If you implement that program with two threads (one GUI thread and one rendering thread), on the other hand, the user will be able to click buttons, resize the window, quit the program, choose menu items, etc, even while the computation is executing, because the OS is able to wake up the GUI thread and allow it to handle mouse/keyboard events when necessary.
Of course, it is possible to write this program with a single thread and keep its GUI responsive, by writing your single thread to do just a few milliseconds worth of computation, then check to see if there are GUI events available to process, handling them, then going back to do a bit more computation, etc. But if you code your app this way, you are essentially writing your own (very primitive) thread scheduler inside your app anyway, so why reinvent the wheel?
The first versions of MacOS were designed to run on a single core, but had no real concept of multithreading. This forced every application developer to correctly implement some manual thread management -- even if their app did not have any extended computations, they had to explicitly indicate when they were done using the CPU, e.g. by calling WaitNextEvent. This lack of multithreading made early (pre-MacOS-X) versions of MacOS famously unreliable at multitasking, since just one poorly written application could bring the whole computer to a grinding halt.

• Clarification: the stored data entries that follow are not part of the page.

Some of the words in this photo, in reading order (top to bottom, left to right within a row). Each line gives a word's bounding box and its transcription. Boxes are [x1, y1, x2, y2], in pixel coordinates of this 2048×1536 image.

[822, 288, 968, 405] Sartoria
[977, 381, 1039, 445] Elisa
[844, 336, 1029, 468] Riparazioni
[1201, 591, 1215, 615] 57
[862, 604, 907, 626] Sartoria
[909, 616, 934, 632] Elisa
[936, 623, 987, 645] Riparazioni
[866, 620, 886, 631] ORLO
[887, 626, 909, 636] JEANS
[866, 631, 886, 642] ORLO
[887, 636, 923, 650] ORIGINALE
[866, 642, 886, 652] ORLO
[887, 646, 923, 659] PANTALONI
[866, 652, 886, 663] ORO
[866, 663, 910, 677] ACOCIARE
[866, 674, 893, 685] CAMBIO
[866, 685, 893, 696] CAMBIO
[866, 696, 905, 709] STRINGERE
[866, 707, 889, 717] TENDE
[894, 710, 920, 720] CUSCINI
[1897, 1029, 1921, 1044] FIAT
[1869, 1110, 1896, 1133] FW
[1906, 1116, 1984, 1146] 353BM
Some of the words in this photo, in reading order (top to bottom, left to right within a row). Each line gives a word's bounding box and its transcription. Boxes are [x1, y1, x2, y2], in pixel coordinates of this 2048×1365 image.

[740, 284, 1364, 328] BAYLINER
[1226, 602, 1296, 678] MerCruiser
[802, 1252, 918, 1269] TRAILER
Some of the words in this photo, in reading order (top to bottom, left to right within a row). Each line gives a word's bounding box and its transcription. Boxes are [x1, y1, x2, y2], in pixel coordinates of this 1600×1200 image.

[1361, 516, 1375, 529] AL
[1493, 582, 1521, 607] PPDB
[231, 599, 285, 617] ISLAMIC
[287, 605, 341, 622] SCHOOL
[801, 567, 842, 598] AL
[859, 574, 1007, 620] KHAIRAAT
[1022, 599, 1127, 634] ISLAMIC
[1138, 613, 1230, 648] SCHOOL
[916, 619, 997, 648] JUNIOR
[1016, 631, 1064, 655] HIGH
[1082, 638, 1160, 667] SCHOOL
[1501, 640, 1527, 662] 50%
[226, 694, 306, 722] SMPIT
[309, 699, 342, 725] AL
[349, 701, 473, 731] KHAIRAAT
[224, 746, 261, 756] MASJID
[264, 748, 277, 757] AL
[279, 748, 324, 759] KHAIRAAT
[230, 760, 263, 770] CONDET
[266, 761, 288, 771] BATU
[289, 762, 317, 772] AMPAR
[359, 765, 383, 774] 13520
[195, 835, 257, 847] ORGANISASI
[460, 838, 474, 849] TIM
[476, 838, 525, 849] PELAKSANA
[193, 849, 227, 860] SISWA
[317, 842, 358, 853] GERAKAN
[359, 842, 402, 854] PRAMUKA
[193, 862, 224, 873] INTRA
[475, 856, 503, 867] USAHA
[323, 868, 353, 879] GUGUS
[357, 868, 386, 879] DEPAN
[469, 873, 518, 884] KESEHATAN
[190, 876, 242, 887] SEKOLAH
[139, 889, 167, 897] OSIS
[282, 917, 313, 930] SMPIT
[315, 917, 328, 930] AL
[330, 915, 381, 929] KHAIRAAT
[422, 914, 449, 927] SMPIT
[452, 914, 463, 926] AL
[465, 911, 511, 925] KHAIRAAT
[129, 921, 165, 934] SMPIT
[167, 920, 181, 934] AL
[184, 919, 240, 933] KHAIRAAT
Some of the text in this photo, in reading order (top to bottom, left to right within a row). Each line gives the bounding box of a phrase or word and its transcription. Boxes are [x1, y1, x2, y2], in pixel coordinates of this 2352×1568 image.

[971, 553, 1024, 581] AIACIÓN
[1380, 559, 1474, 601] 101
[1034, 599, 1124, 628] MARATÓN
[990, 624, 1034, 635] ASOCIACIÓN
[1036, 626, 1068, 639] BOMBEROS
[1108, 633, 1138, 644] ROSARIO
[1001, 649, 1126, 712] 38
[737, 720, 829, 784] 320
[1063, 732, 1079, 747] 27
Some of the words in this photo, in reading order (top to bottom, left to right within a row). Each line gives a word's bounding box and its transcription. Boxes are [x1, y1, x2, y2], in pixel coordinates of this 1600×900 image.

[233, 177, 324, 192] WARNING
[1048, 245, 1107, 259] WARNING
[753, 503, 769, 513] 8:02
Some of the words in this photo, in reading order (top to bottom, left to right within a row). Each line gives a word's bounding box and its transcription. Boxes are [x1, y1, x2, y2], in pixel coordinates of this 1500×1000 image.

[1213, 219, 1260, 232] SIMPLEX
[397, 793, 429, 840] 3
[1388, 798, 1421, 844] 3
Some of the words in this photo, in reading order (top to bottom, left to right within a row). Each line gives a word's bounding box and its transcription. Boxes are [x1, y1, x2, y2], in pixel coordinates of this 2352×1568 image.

First, a program not only computes, but also waits for input/output and so can be considered as executing on an I/O processor. So even single-core machine is a multi-processor machine, and employing of multi-threading is justified.
Second, a task can be divided in several threads in the sake of modularity.
Multithreading is not only for taking advantage of multiple cores.
You need multiple processes for multitasking. For similar reason you are allowed to have multiple threads, which are lightweight compared with processes.
You probably don't want to spawn processes all the time for things like blocking I/O. That may be overkill.
And there is fiber, which is even more lightweight. So we have process, thread, and fiber for different levels of needs.
Well, when you say multithreading on a single core, there are things you need to consider. For example, the thread API that you are using - is it user level or kernel level. Most probably from you question I believe you are using user level threads.
Now, user level threads, depending upon the host OS or the API itself may map to single kernel thread or multiple. Many relations are possible like 1-1,many-1 or many-many.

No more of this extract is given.